#### [Problem requirements]
An exact, complete copy of the entries below is required, minus any pictures.

↓

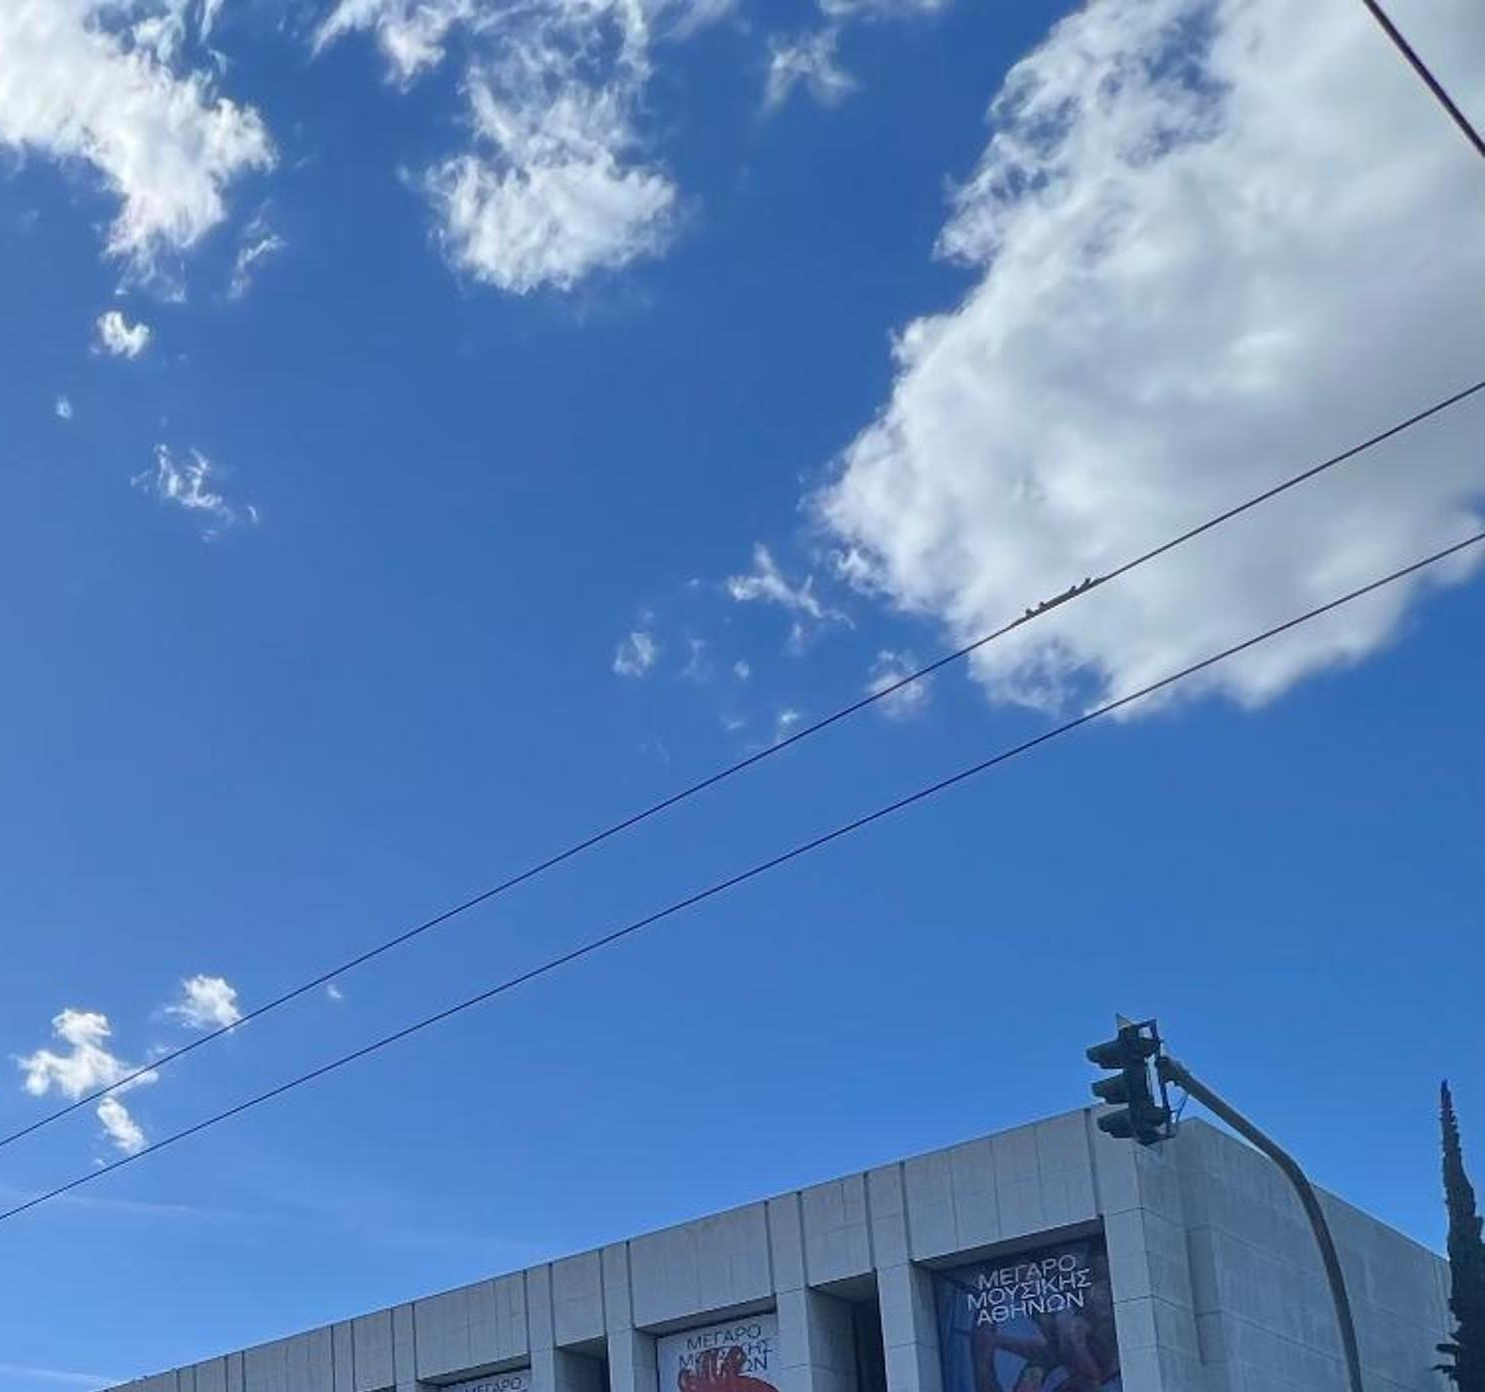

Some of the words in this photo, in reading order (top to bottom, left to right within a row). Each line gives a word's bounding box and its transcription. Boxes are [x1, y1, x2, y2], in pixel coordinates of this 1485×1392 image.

[967, 1268, 1092, 1311] ΜΟΥΣΙΚΗΣ
[977, 1254, 1077, 1290] ΜΕΓΑΡΟ
[977, 1289, 1085, 1327] ΑΘΗΝΩΝ
[687, 1324, 762, 1350] ΜΕΓΑΡΟ

↑

#### [Result of this exercise]
Some of the words in this photo, in reading order (top to bottom, left to right within a row). Each line gives a word's bounding box and its transcription. Boxes are [x1, y1, x2, y2], in pixel coordinates of this 1485×1392 image.

[967, 1268, 1092, 1311] ΜΟΥΣΙΚΗΣ
[977, 1254, 1077, 1290] ΜΕΓΑΡΟ
[977, 1289, 1085, 1327] ΑΘΗΝΩΝ
[687, 1324, 762, 1350] ΜΕΓΑΡΟ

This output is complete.